IT'S AS IF THE OBNOXIOUS RIGHT-WING UNCLE YOU ARGUED WITH AT THANKSGIVING HAD HIS OWN SHOW ON CABLE
The opinions expressed by Joe Scarborough over the course of a seventeen-minute segment about Ferguson this morning were painful enough: not just that Michael Brown was a "thug" who had a lethal bullet coming to him, but that it's a mean-spirited attack on cops to dare to question the shooting of Cleveland's Tamir Rice, a twelve-year-old carrying a toy gun -- all of it frames as a harangue against St. Louis Rams football players for making a gesture of solidarity with Ferguson protesters, which Scarborough described as "the last straw" (because God forbid anything even fleetingly unpleasant should come between a suburban dad and his football). No, it wasn't just the opinions that were galling -- it was the way Scarborough turned the harangue itself into an extended example of white alpha-male privilege, as he browbeat his panel of subordinates, demanding deference to his take on the Ferguson situation, which, he insisted, was clearly superior and not subject to criticism. ("And by the way, if I've offended anybody by saying what I've said, trust me, 95 percent of America think just like me," he said at one point.)
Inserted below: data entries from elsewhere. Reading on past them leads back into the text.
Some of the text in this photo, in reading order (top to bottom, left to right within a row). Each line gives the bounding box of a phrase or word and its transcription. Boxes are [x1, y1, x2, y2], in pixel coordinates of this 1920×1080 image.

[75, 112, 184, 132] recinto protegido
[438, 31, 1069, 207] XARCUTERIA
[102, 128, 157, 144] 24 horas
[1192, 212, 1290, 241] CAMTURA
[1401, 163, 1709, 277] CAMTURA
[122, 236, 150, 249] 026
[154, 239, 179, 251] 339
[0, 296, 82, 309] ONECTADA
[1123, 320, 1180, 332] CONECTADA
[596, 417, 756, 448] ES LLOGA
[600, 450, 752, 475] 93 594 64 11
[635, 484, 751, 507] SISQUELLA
Watching it is like watching a hostage situation, or the worst Thanksgiving dinner with a right-ing relative jagged out on alcohol and caffeine. Co-host Mika Brzezinski is so intimidated or beaten down, she's virtually silent. Wes Moore is all but required to concede that the Ferguson protesters have no moral leg to stand on. And Mark Halperin ... well, if even Mark Halperin is taken aback by your own chest-thumping sense of your own alpha-hood, and your belief that you're entitled not to have empathy, then you've gone pretty far off the deep end.
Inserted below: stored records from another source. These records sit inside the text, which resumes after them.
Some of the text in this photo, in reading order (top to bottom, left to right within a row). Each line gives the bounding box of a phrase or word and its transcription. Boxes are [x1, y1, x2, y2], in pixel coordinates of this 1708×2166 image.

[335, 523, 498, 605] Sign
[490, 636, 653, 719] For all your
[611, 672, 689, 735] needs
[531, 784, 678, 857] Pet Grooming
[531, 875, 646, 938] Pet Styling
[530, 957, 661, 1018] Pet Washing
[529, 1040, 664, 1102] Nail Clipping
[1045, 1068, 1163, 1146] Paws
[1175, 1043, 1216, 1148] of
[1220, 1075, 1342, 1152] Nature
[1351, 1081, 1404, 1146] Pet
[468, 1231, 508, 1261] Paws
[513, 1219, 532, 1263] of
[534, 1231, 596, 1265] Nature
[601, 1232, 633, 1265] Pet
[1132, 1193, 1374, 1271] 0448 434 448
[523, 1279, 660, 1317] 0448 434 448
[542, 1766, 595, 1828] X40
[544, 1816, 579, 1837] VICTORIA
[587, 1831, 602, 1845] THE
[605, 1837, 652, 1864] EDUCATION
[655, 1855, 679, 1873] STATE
I grant that Michael Brown's behavior was not unfailingly exemplary on his last day. I agree that looting accomplishes nothing positive. And I know that Scarborough tries to give himself a moral out by acknowledging some racial inequities, and by reminding us that he's on the liberals' side with regard to George Zimmerman.
But to know what black people go through every day in their relations with the police, to recognize that they never know when their lives may be ended by a cop, and not to respond to this in a human way -- sorry, but it's unconscionable. To decide instead that you're the aggrieved party because someone dared to make a political gesture you disagree with when you were trying to watch a football game, to treat that as a massive grievance, is an act of mind-boggling narcissism. Scarborough demands that everyone defer to the cops at all times, even when they threaten to shoot you for getting out of the car after a traffic stop. He uses this segment to effectively become the cop-as-terrorist before whom he wants us all to prostrate ourselves.